#### Data extracts:
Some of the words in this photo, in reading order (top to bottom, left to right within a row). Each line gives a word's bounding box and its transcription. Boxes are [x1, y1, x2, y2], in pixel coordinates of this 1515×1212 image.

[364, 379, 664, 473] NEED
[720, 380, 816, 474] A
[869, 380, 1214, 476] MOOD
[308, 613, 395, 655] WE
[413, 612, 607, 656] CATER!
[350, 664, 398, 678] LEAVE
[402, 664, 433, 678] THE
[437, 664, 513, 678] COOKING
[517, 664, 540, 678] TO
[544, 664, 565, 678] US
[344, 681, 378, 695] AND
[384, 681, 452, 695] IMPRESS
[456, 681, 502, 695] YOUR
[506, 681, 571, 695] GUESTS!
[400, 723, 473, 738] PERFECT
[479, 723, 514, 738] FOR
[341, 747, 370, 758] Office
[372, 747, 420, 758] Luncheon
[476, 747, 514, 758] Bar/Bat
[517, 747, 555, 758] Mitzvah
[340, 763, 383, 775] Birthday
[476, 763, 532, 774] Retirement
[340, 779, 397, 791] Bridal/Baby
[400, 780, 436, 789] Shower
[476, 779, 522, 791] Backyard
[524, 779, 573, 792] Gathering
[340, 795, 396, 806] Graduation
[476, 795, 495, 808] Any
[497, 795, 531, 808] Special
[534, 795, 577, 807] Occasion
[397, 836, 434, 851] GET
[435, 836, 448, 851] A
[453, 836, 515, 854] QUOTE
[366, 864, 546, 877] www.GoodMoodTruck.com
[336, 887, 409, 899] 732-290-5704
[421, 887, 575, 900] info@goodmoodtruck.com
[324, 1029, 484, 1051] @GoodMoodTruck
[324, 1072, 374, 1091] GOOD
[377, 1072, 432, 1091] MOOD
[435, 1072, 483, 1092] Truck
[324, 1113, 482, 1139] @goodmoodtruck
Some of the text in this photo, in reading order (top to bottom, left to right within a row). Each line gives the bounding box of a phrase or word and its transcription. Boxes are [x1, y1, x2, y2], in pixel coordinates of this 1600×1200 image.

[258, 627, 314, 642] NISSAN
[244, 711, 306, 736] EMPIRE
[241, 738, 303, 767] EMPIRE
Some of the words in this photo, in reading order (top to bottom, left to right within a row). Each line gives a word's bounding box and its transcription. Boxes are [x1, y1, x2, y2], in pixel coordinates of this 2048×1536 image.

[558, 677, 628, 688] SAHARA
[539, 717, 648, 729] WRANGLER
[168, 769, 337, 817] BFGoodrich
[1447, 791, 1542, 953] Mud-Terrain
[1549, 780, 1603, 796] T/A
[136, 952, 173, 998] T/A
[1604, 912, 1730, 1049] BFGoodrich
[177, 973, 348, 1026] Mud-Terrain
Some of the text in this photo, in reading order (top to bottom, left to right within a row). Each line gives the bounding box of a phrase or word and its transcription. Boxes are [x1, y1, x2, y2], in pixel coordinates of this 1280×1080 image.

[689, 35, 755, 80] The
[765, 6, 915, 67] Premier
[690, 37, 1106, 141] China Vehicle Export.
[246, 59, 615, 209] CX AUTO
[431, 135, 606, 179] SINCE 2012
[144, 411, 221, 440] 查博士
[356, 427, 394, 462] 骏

#### Task prompt:
Set every line of the data down again, word for word.

#### Expected answer:
Some of the words in this photo, in reading order (top to bottom, left to right within a row). Each line gives a word's bounding box and its transcription. Boxes are [x1, y1, x2, y2], in pixel coordinates of this 1515×1212 image.

[364, 379, 664, 473] NEED
[720, 380, 816, 474] A
[869, 380, 1214, 476] MOOD
[308, 613, 395, 655] WE
[413, 612, 607, 656] CATER!
[350, 664, 398, 678] LEAVE
[402, 664, 433, 678] THE
[437, 664, 513, 678] COOKING
[517, 664, 540, 678] TO
[544, 664, 565, 678] US
[344, 681, 378, 695] AND
[384, 681, 452, 695] IMPRESS
[456, 681, 502, 695] YOUR
[506, 681, 571, 695] GUESTS!
[400, 723, 473, 738] PERFECT
[479, 723, 514, 738] FOR
[341, 747, 370, 758] Office
[372, 747, 420, 758] Luncheon
[476, 747, 514, 758] Bar/Bat
[517, 747, 555, 758] Mitzvah
[340, 763, 383, 775] Birthday
[476, 763, 532, 774] Retirement
[340, 779, 397, 791] Bridal/Baby
[400, 780, 436, 789] Shower
[476, 779, 522, 791] Backyard
[524, 779, 573, 792] Gathering
[340, 795, 396, 806] Graduation
[476, 795, 495, 808] Any
[497, 795, 531, 808] Special
[534, 795, 577, 807] Occasion
[397, 836, 434, 851] GET
[435, 836, 448, 851] A
[453, 836, 515, 854] QUOTE
[366, 864, 546, 877] www.GoodMoodTruck.com
[336, 887, 409, 899] 732-290-5704
[421, 887, 575, 900] info@goodmoodtruck.com
[324, 1029, 484, 1051] @GoodMoodTruck
[324, 1072, 374, 1091] GOOD
[377, 1072, 432, 1091] MOOD
[435, 1072, 483, 1092] Truck
[324, 1113, 482, 1139] @goodmoodtruck
Some of the text in this photo, in reading order (top to bottom, left to right within a row). Each line gives the bounding box of a phrase or word and its transcription. Boxes are [x1, y1, x2, y2], in pixel coordinates of this 1600×1200 image.

[258, 627, 314, 642] NISSAN
[244, 711, 306, 736] EMPIRE
[241, 738, 303, 767] EMPIRE
Some of the words in this photo, in reading order (top to bottom, left to right within a row). Each line gives a word's bounding box and its transcription. Boxes are [x1, y1, x2, y2], in pixel coordinates of this 2048×1536 image.

[558, 677, 628, 688] SAHARA
[539, 717, 648, 729] WRANGLER
[168, 769, 337, 817] BFGoodrich
[1447, 791, 1542, 953] Mud-Terrain
[1549, 780, 1603, 796] T/A
[136, 952, 173, 998] T/A
[1604, 912, 1730, 1049] BFGoodrich
[177, 973, 348, 1026] Mud-Terrain
Some of the text in this photo, in reading order (top to bottom, left to right within a row). Each line gives the bounding box of a phrase or word and its transcription. Boxes are [x1, y1, x2, y2], in pixel coordinates of this 1280×1080 image.

[689, 35, 755, 80] The
[765, 6, 915, 67] Premier
[690, 37, 1106, 141] China Vehicle Export.
[246, 59, 615, 209] CX AUTO
[431, 135, 606, 179] SINCE 2012
[144, 411, 221, 440] 查博士
[356, 427, 394, 462] 骏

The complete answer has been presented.